Yo era su acompañante de campo. Él no salía de casa sin mí y yo no lo dejaba ir solo a ningún lugar. Pero una tarde, papá no me despertó de mi siesta: se fue sin avisarme, montado sobre Blanca, una yegua de crin abundante y fúlgida que en el horizonte parecía de nieve.
Me había dormido al lado de la máquina de coser de la abuela, mientras ella remendaba los pantalones de papá que se rompían cuando andaba a caballo. Me pasaba cada vez más seguido eso de quedarme dormido junto a la singer de la abuela.

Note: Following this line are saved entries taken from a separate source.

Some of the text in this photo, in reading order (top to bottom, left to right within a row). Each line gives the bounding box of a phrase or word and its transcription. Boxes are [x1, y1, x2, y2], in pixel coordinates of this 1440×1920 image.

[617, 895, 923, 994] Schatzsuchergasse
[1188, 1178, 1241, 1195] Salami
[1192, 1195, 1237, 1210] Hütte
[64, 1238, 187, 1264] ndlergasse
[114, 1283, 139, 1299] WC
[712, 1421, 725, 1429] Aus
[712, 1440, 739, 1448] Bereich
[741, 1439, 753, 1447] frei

A veces Sambo, el perro negro de papá, me hacía compañía y se acomodaba conmigo. Pero justo ese día se había ido con él. Cuando desperté la abuela me dijo que me bañara porque mañana debía ir a la escuela.
Yo era un niño de apenas cinco años. Nunca pisé un jardín porque papá me enseñaba en casa todo lo que necesitaba aprender a esa edad. Con papá aprendí de memoria la tabla hasta el doce y a leer de corrido. Pero no lograba hablar con claridad ni escribir bien mi nombre, y ni hablar de pronunciarlo. Quizás por eso él no me dejaba ir al jardín. Pero llegaría el día, y faltando unas dos semanas para mi cumpleaños, me llevó por primera vez a la escuela. Al día siguiente no quise volver más. Lloré tanto y me agarré fuerte con pies y manos de los carritos que vendían golosinas en la entrada que papá se compadeció y me llevó de vuelta a casa.

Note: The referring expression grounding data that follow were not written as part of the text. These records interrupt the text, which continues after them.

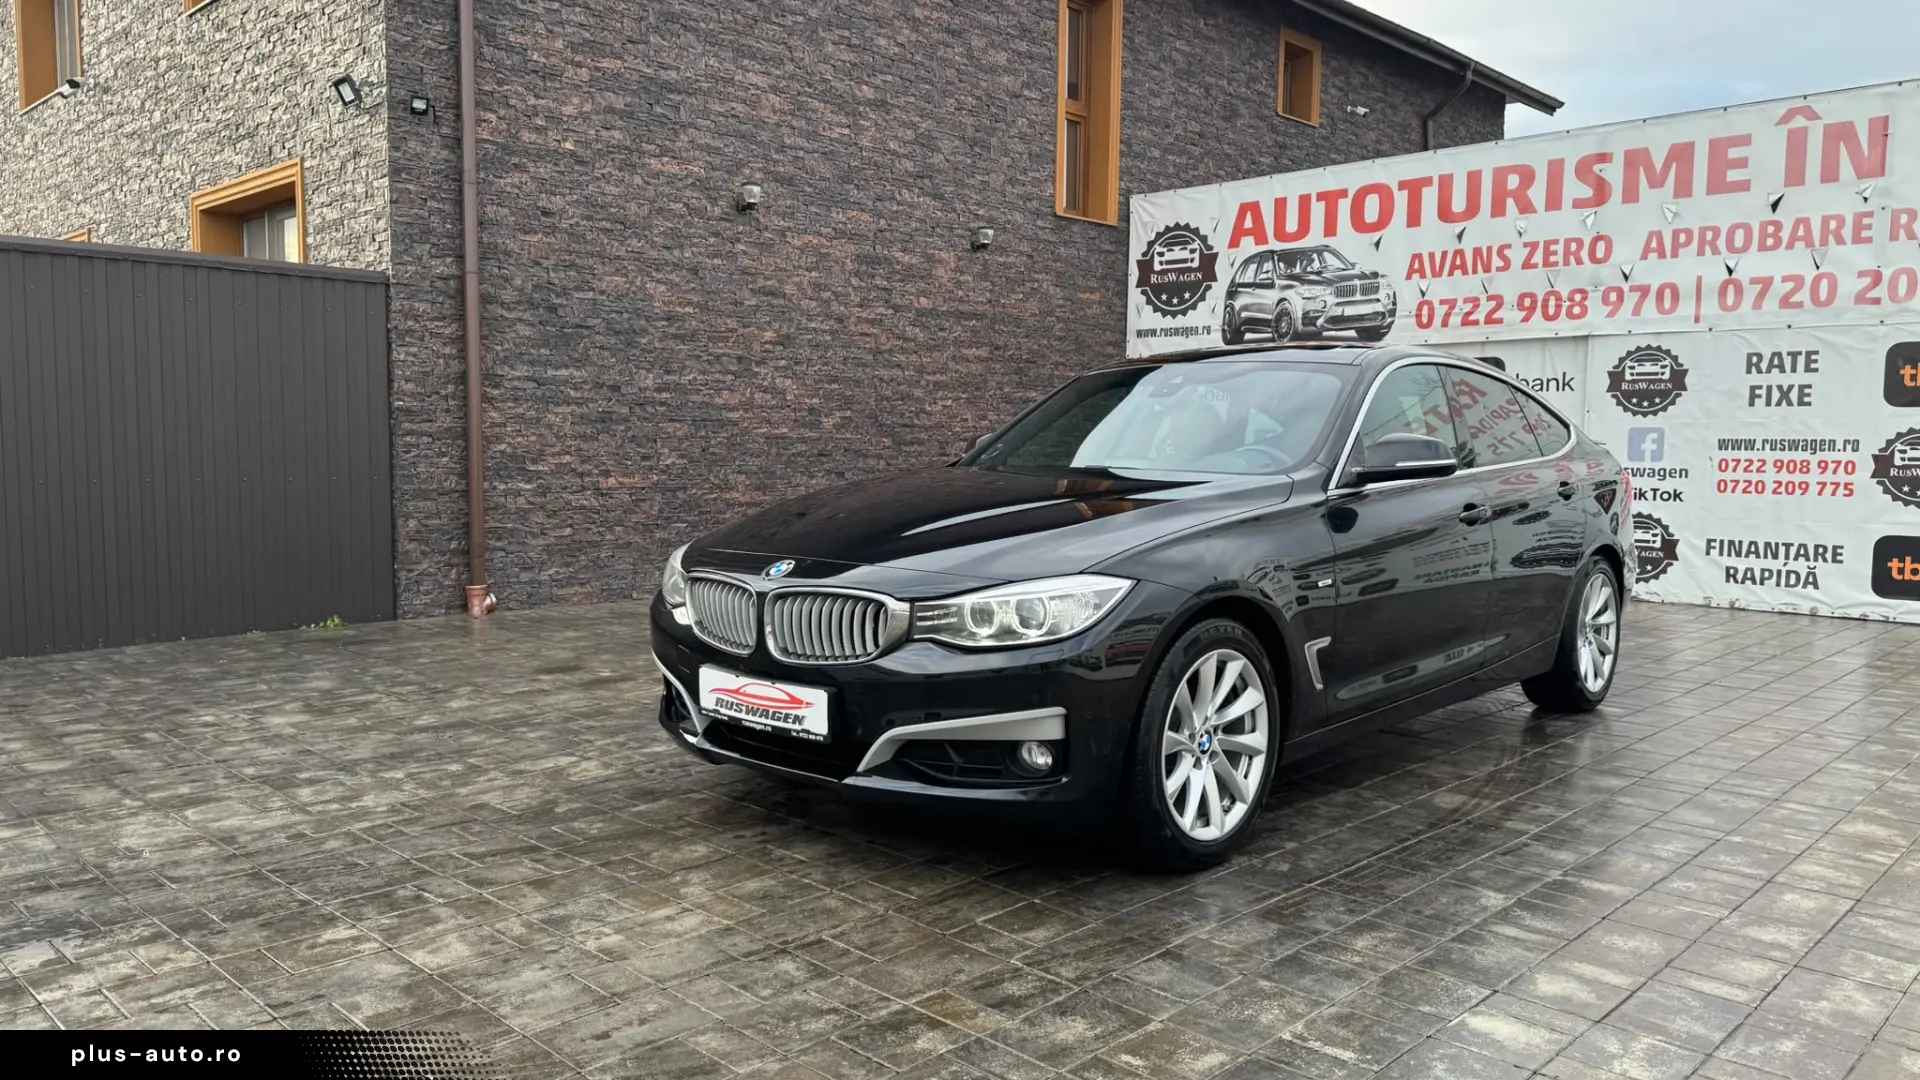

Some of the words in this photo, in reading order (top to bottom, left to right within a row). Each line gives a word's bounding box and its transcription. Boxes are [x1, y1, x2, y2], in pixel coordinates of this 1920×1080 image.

[1228, 133, 1752, 249] AUTOTURISME
[1775, 105, 1889, 187] ÎN
[1405, 243, 1512, 281] AVANS
[1521, 233, 1613, 270] ZERO
[1639, 210, 1874, 261] APROBARE
[1415, 294, 1504, 330] 0722
[1516, 288, 1589, 323] 908
[1601, 282, 1680, 319] 970
[1717, 272, 1838, 312] 0720
[1136, 325, 1211, 338] www.ruswagen.ro
[1745, 350, 1820, 375] RATE
[1748, 383, 1813, 408] FIXE
[1717, 438, 1860, 455] www.ruswagen.ro
[1717, 458, 1767, 474] 0722
[1772, 459, 1811, 475] 908
[1816, 460, 1857, 476] 970
[1632, 487, 1684, 502] ikTok
[1716, 479, 1766, 495] 0720
[1771, 480, 1810, 496] 209
[1815, 481, 1855, 497] 775
[714, 696, 808, 726] RUSWAGEN
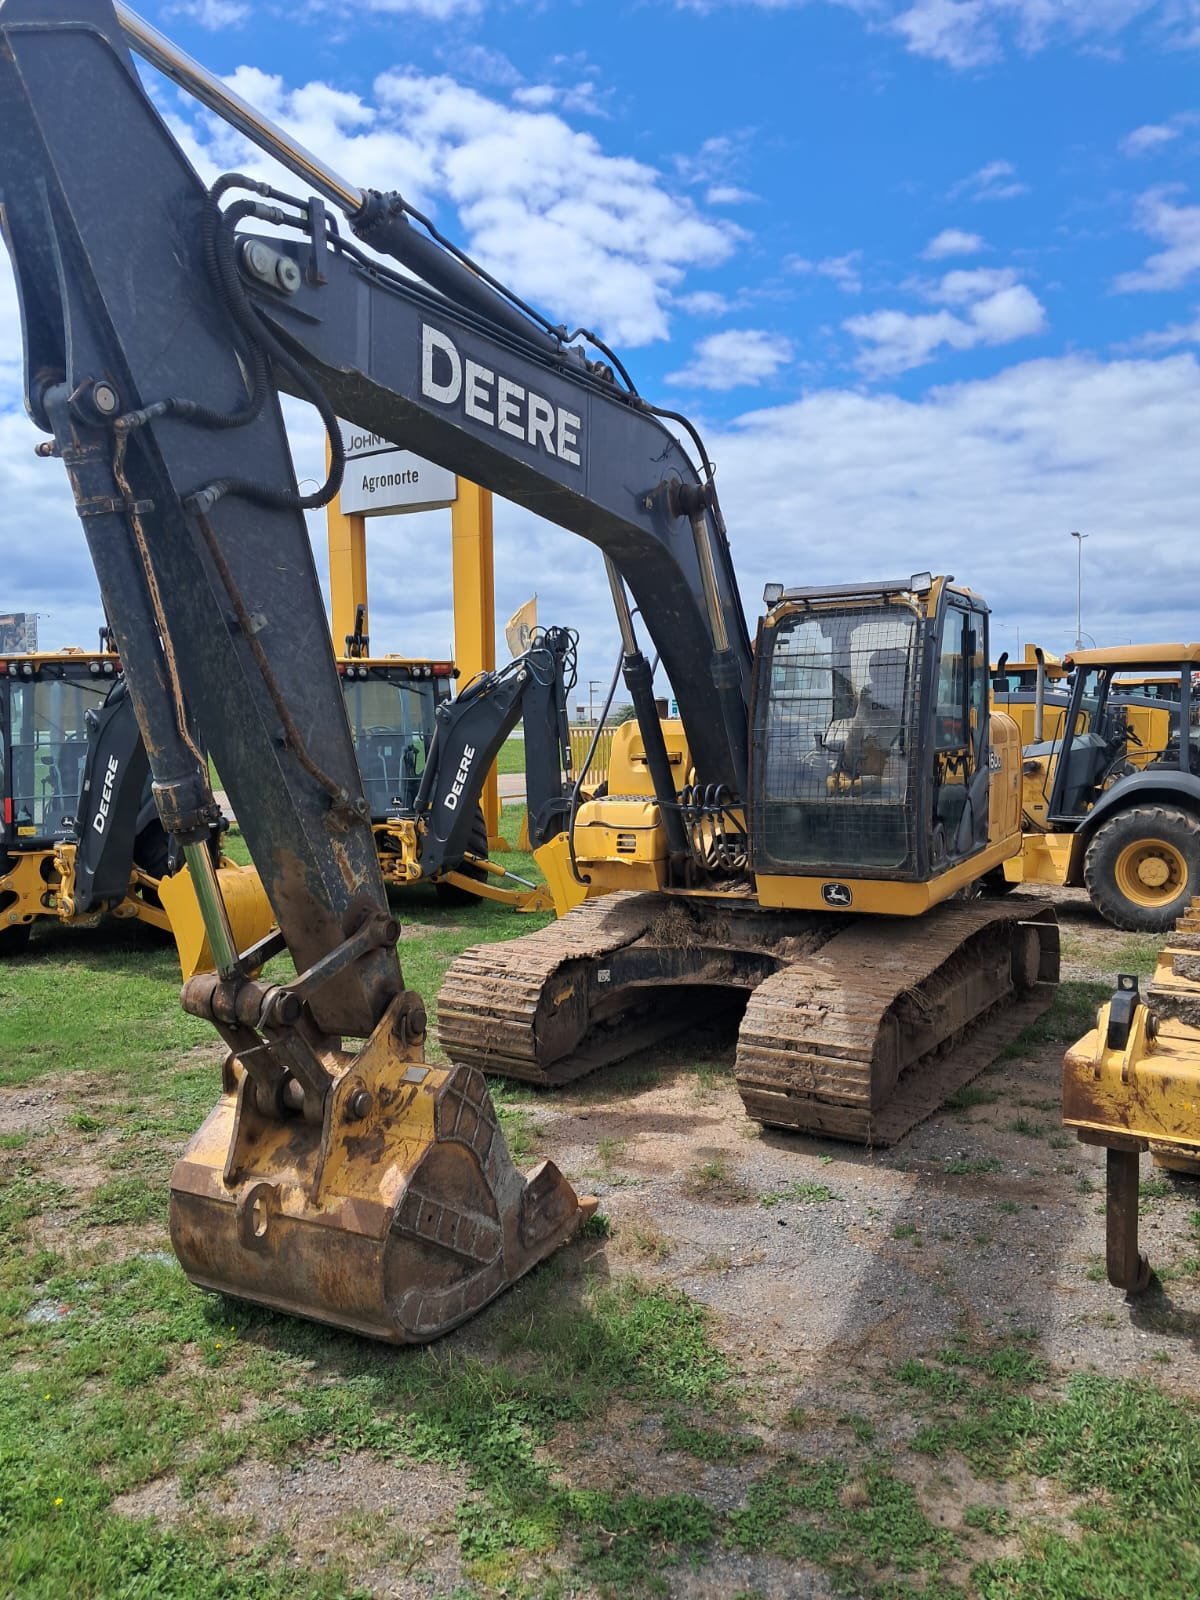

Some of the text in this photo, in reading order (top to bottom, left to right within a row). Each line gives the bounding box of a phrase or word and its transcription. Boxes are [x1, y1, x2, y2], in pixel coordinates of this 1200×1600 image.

[422, 323, 581, 466] DEERE
[348, 433, 381, 450] JOHN
[362, 469, 419, 493] Agronorte
[93, 754, 119, 835] DEERE
[443, 744, 475, 810] DEERE

Él solía decir que los niños sabían hacer amigos, que lo hacían mejor que los adultos. Yo no recuerdo haber sido muy amigable en mi primer día de escuela. Será por eso que apenas ingresé me gané de enemigo al hijo de la maestra. Ese día, entraba y salía del aula el profesor de la clase contigua. Se asomaba por la ventanita de la puerta de vidrio y llamaba a gritos a la maestra. Justo me tocó el aula de los niños más grandes, la única con puerta de vidrio entre tantas otras puertas de madera. La última, al fondo de todo, subiendo una escalera donde todo el mundo parecía que iba a recibir el gran premio por llegar primero.
Nunca vi ningún premio y tampoco entendía por qué todos subían corriendo, hasta que finalmente llegué al aula y no había un lugar para sentarme. Ahí entendí que el último se quedaba parado.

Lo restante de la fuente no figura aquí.